**Task details**
For this exercise, print the listing below exactly, without its pictures.

**Information shown**
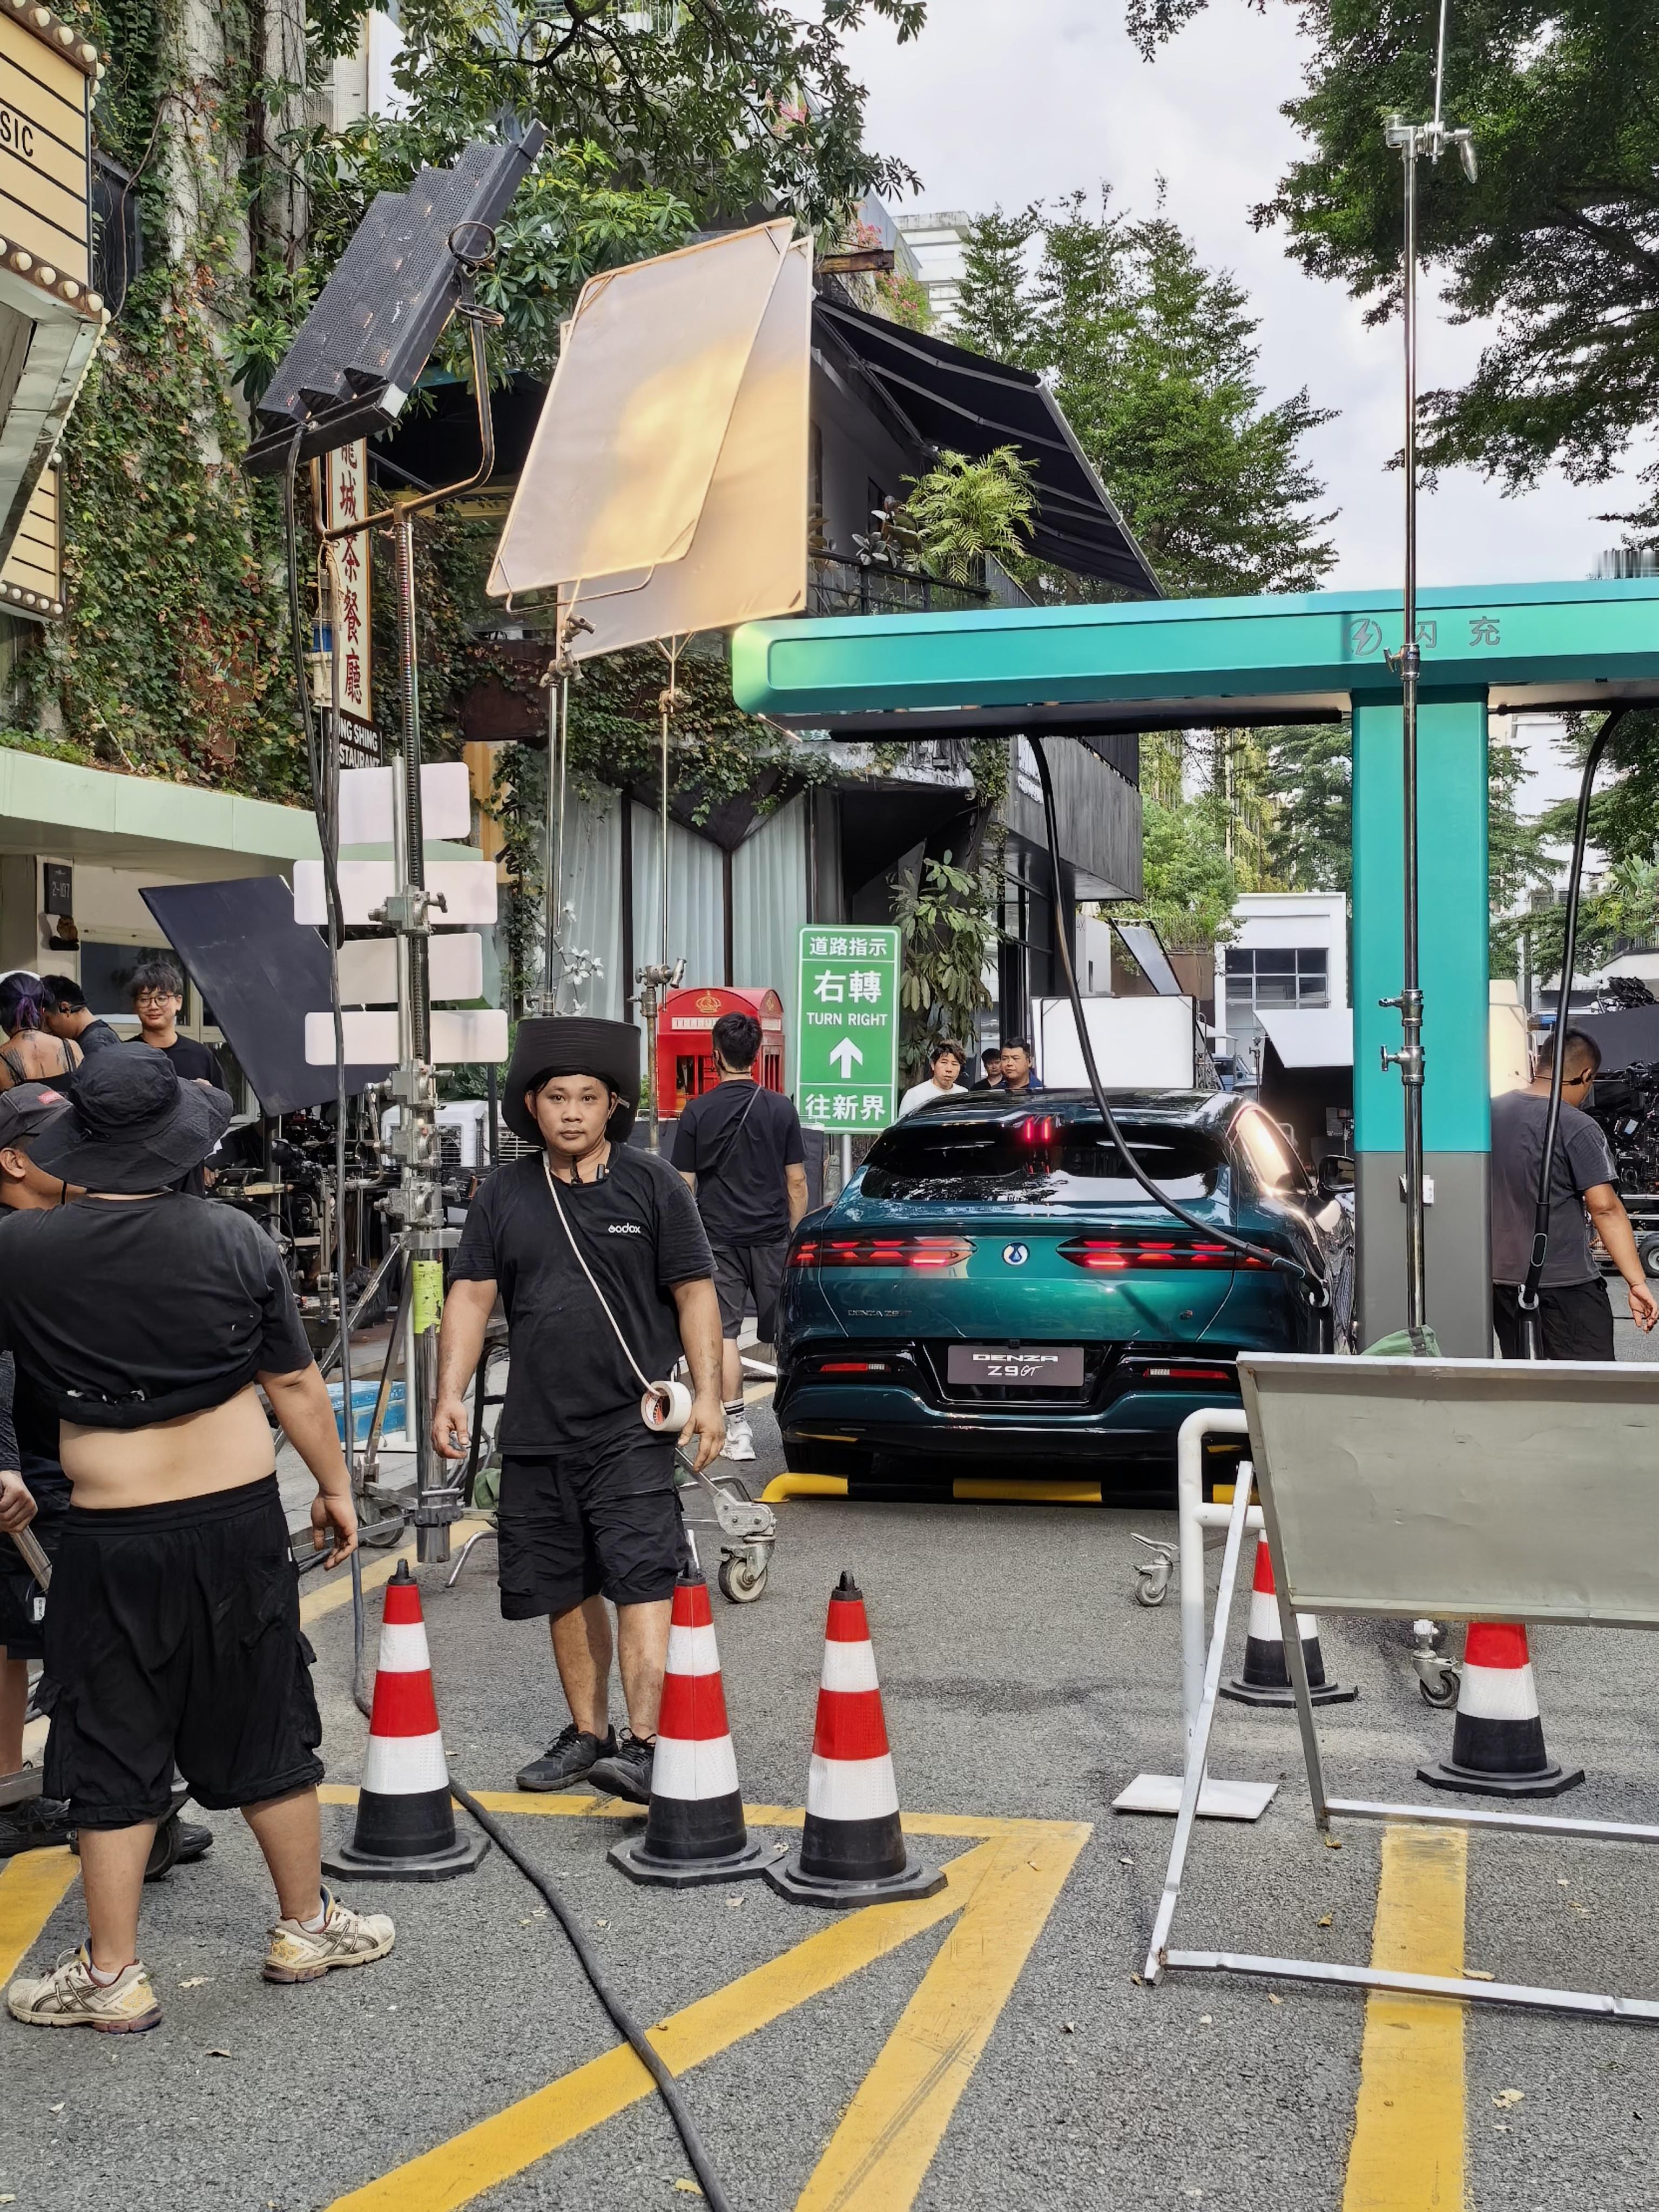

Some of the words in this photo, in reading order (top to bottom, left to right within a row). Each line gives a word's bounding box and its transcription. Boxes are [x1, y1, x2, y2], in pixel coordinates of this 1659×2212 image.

[354, 724, 378, 752] SHING
[809, 936, 887, 957] 道路指示
[813, 969, 882, 1004] 右轉
[806, 1012, 842, 1026] TURN
[848, 1013, 888, 1026] RIGHT
[805, 1094, 886, 1121] 往新界
[972, 1354, 1058, 1362] DENZA

**Task response**
Some of the words in this photo, in reading order (top to bottom, left to right within a row). Each line gives a word's bounding box and its transcription. Boxes are [x1, y1, x2, y2], in pixel coordinates of this 1659×2212 image.

[354, 724, 378, 752] SHING
[809, 936, 887, 957] 道路指示
[813, 969, 882, 1004] 右轉
[806, 1012, 842, 1026] TURN
[848, 1013, 888, 1026] RIGHT
[805, 1094, 886, 1121] 往新界
[972, 1354, 1058, 1362] DENZA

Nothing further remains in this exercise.